[Opening Records for this exercise section]
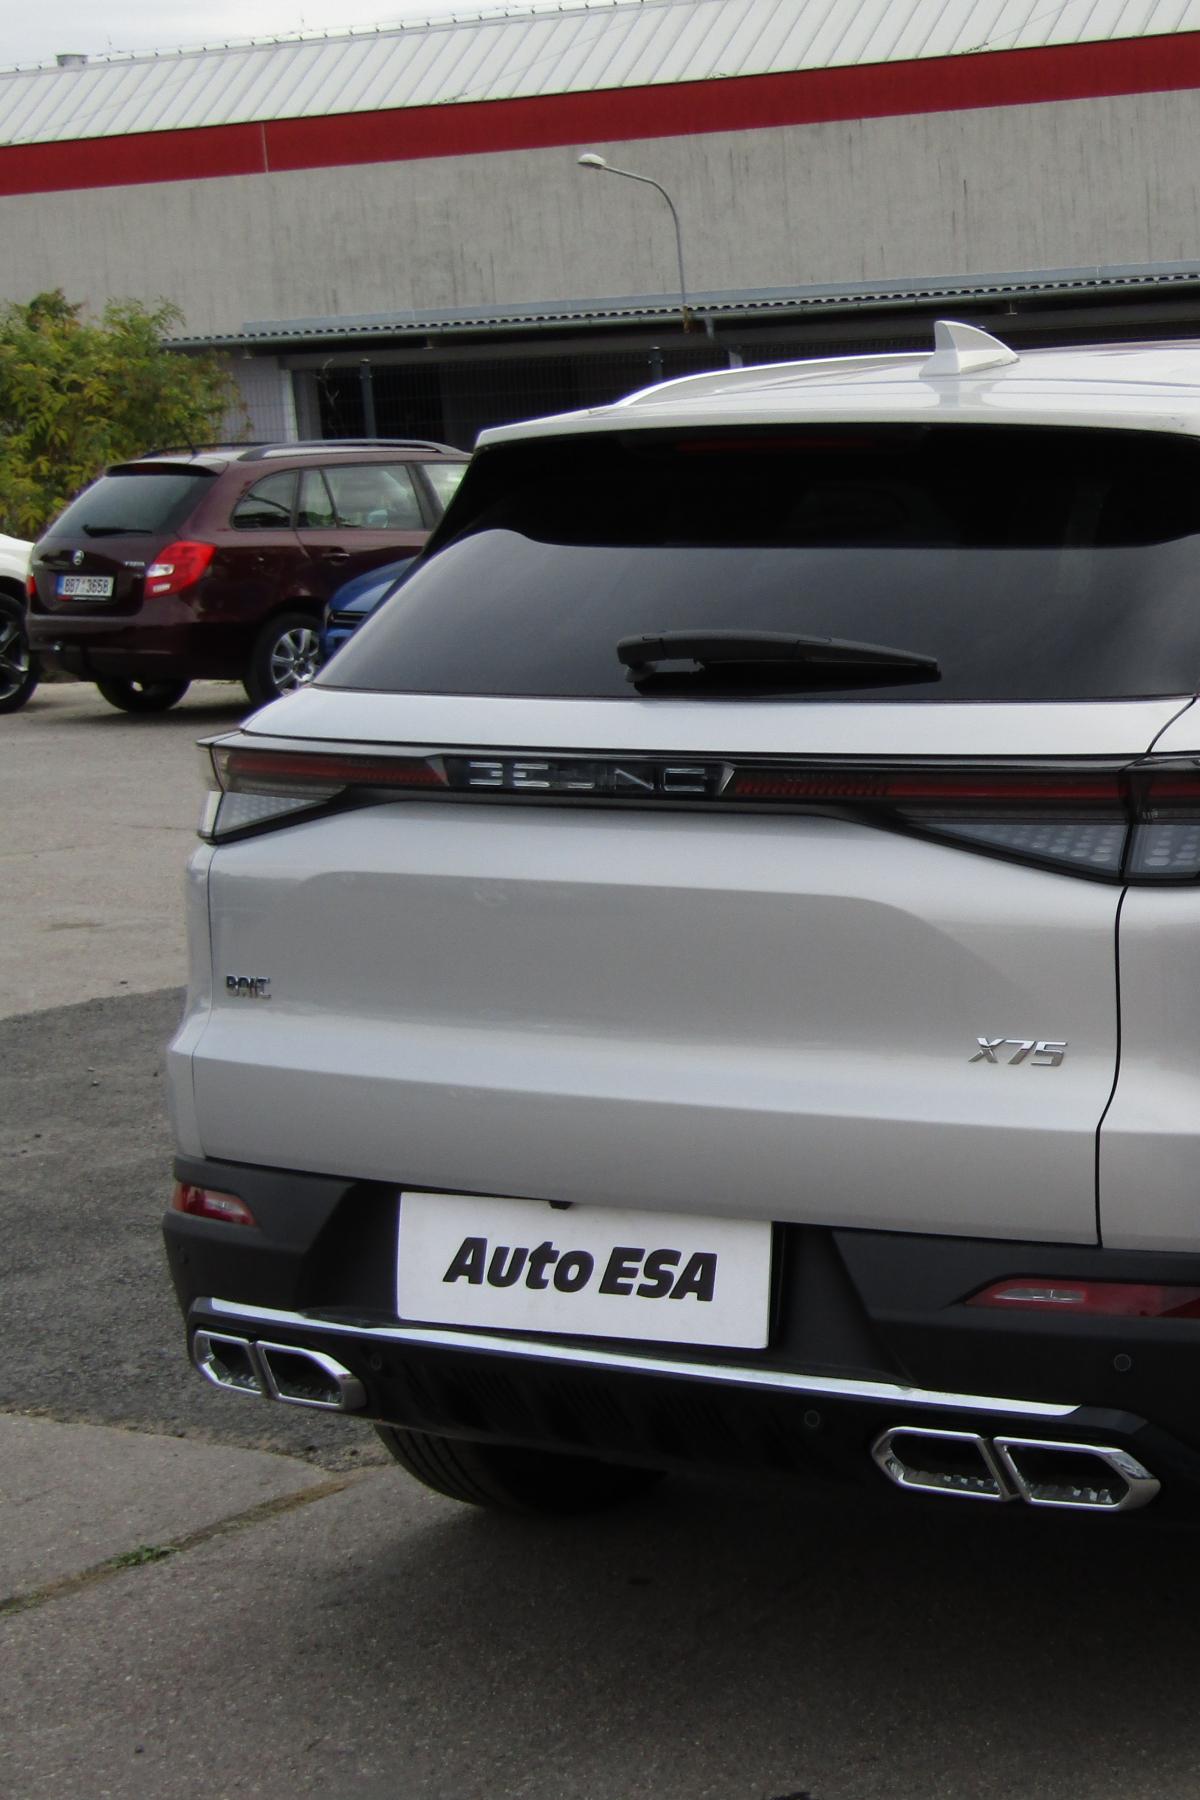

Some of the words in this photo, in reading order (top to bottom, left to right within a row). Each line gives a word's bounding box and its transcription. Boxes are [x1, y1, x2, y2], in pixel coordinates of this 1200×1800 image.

[968, 1037, 1068, 1067] X75
[442, 1236, 595, 1294] Auto
[598, 1246, 718, 1302] ESA
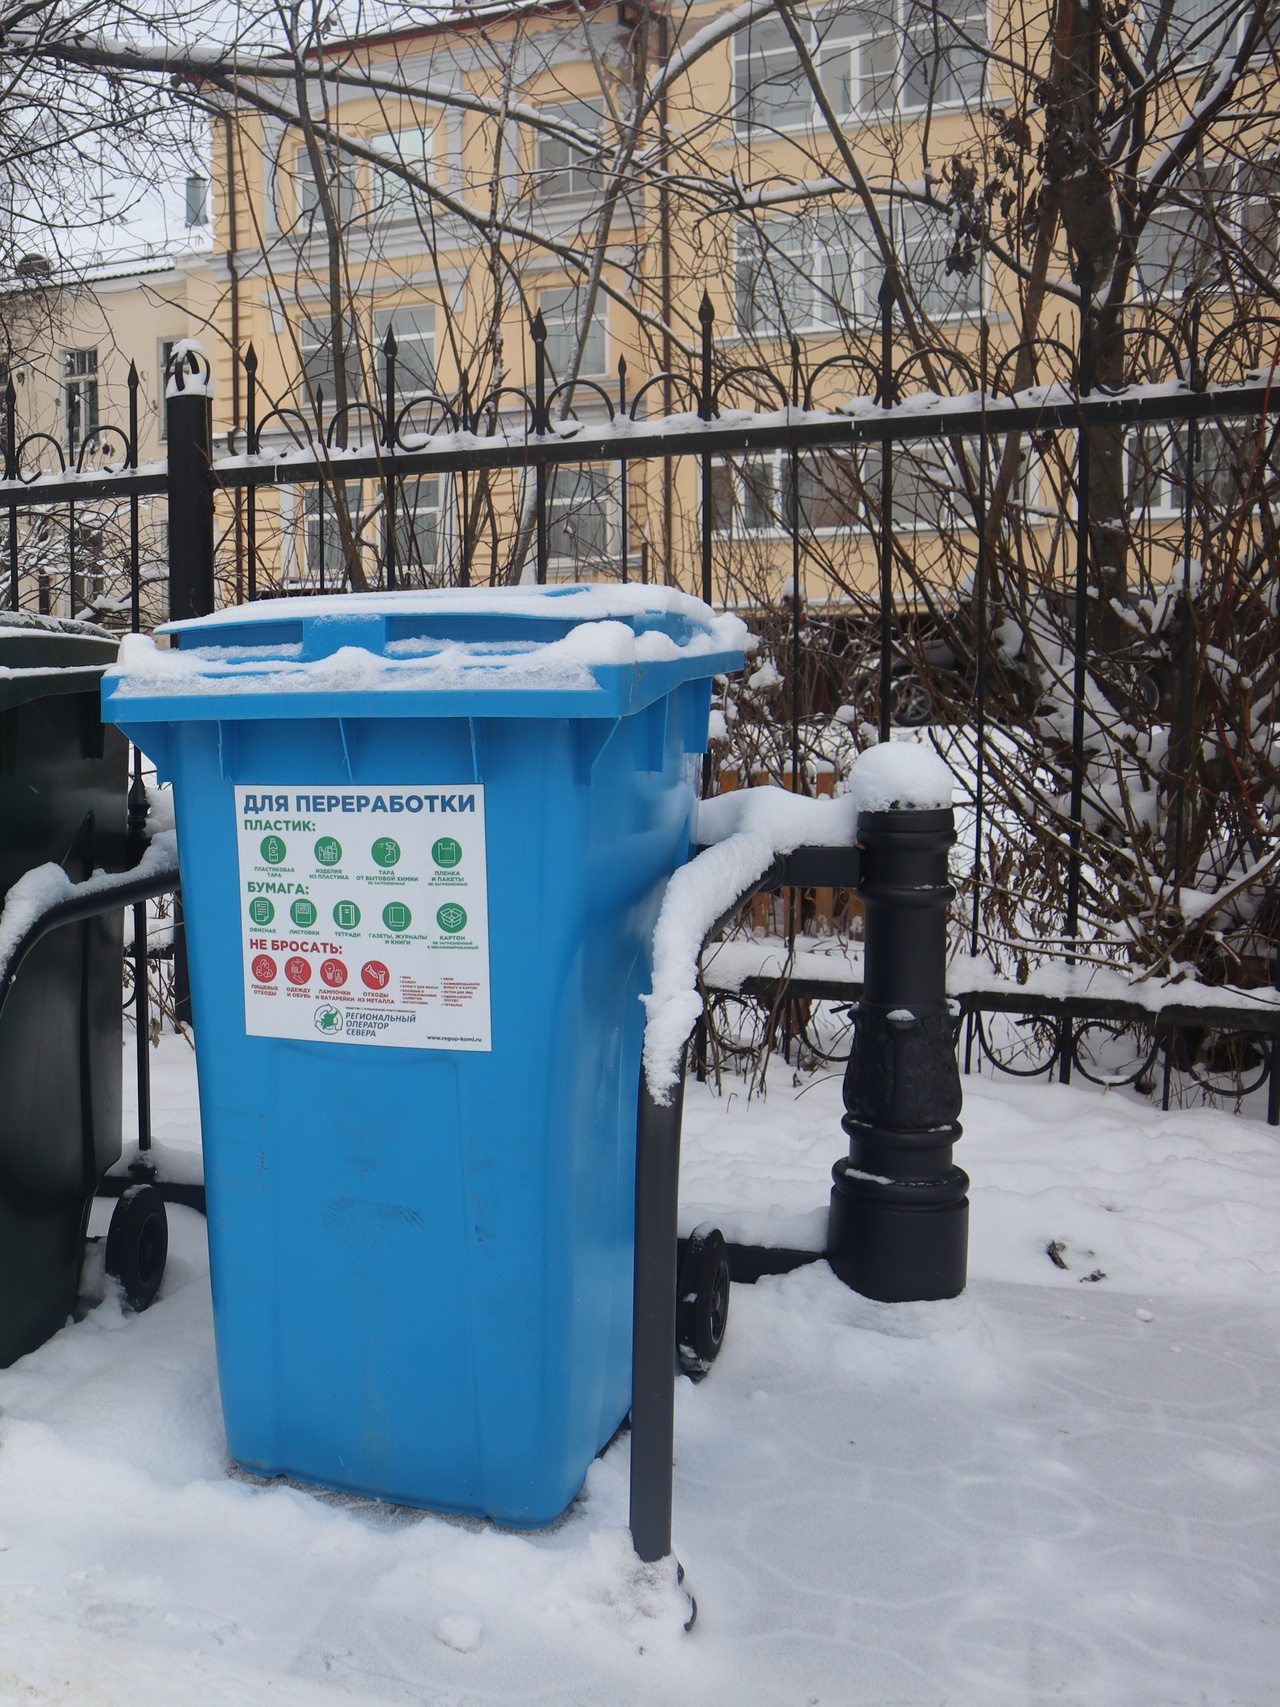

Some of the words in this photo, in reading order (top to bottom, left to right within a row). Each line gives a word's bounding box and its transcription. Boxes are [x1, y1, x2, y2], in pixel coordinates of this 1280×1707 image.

[244, 795, 289, 814] ДЛЯ
[296, 795, 475, 813] ПЕРЕРАБОТКИ
[244, 819, 316, 832] ПЛАСТИК:
[247, 881, 309, 895] БУМАГА:
[250, 938, 268, 950] НЕ
[271, 940, 342, 954] БРОСАТЬ:
[321, 994, 355, 1002] БАТАРЕЙКИ
[345, 1011, 416, 1023] РЕГИОНАЛЬНЫЙ
[346, 1020, 389, 1030] ОПЕРАТОР
[346, 1028, 376, 1037] СЕВЕРА
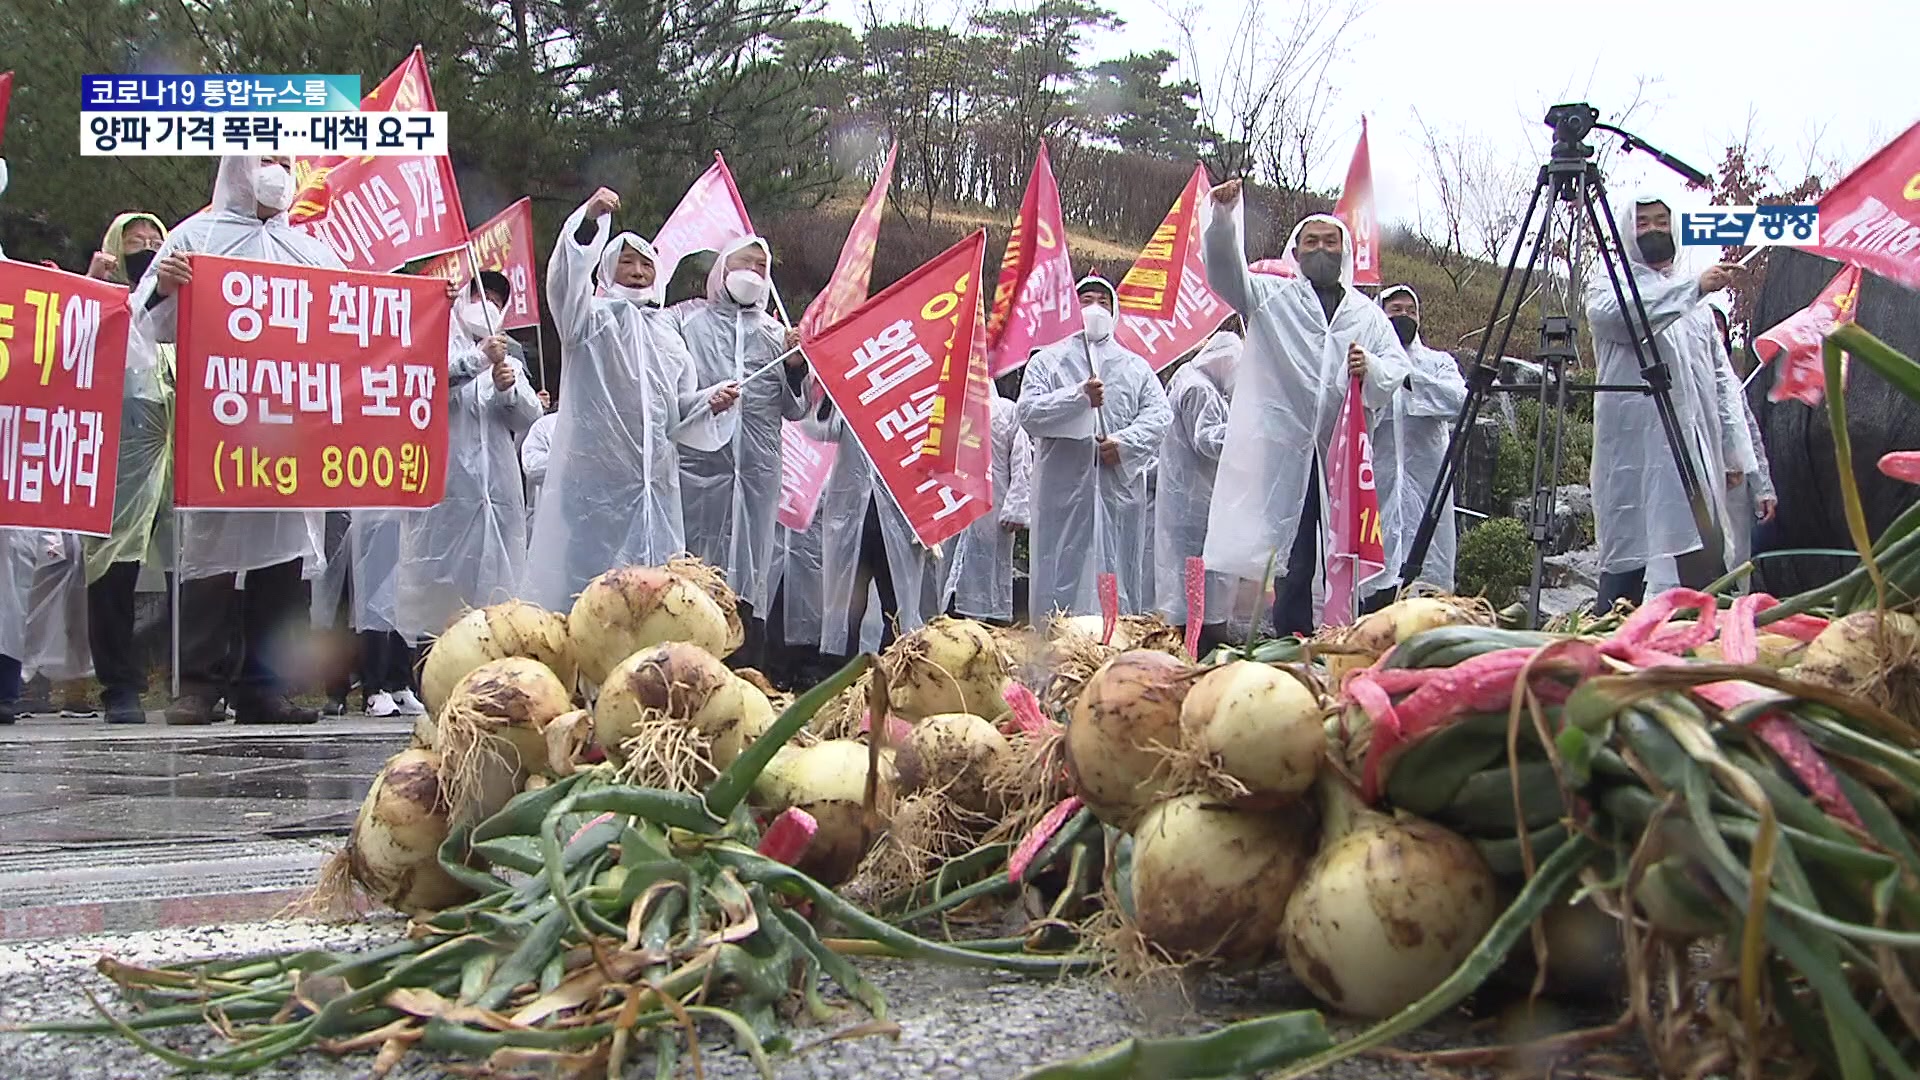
[Closing Records for this exercise section]
• **Aim of the exercise**
Keeping every word as it is, write out all the data and omit the pictures.

• **Result for this exercise**
Some of the words in this photo, in reading order (top to bottom, left to right within a row). Each line gives a word's bounding box and its transcription. Boxes are [x1, y1, x2, y2], in pixel coordinates of this 1200×1800 image.

[968, 1037, 1068, 1067] X75
[442, 1236, 595, 1294] Auto
[598, 1246, 718, 1302] ESA

Some of the words in this photo, in reading order (top to bottom, left to right within a row). Each line gives a word's bounding box and its transcription. Boxes are [x1, y1, x2, y2], in pixel coordinates of this 1280×1707 image.

[244, 795, 289, 814] ДЛЯ
[296, 795, 475, 813] ПЕРЕРАБОТКИ
[244, 819, 316, 832] ПЛАСТИК:
[247, 881, 309, 895] БУМАГА:
[250, 938, 268, 950] НЕ
[271, 940, 342, 954] БРОСАТЬ:
[321, 994, 355, 1002] БАТАРЕЙКИ
[345, 1011, 416, 1023] РЕГИОНАЛЬНЫЙ
[346, 1020, 389, 1030] ОПЕРАТОР
[346, 1028, 376, 1037] СЕВЕРА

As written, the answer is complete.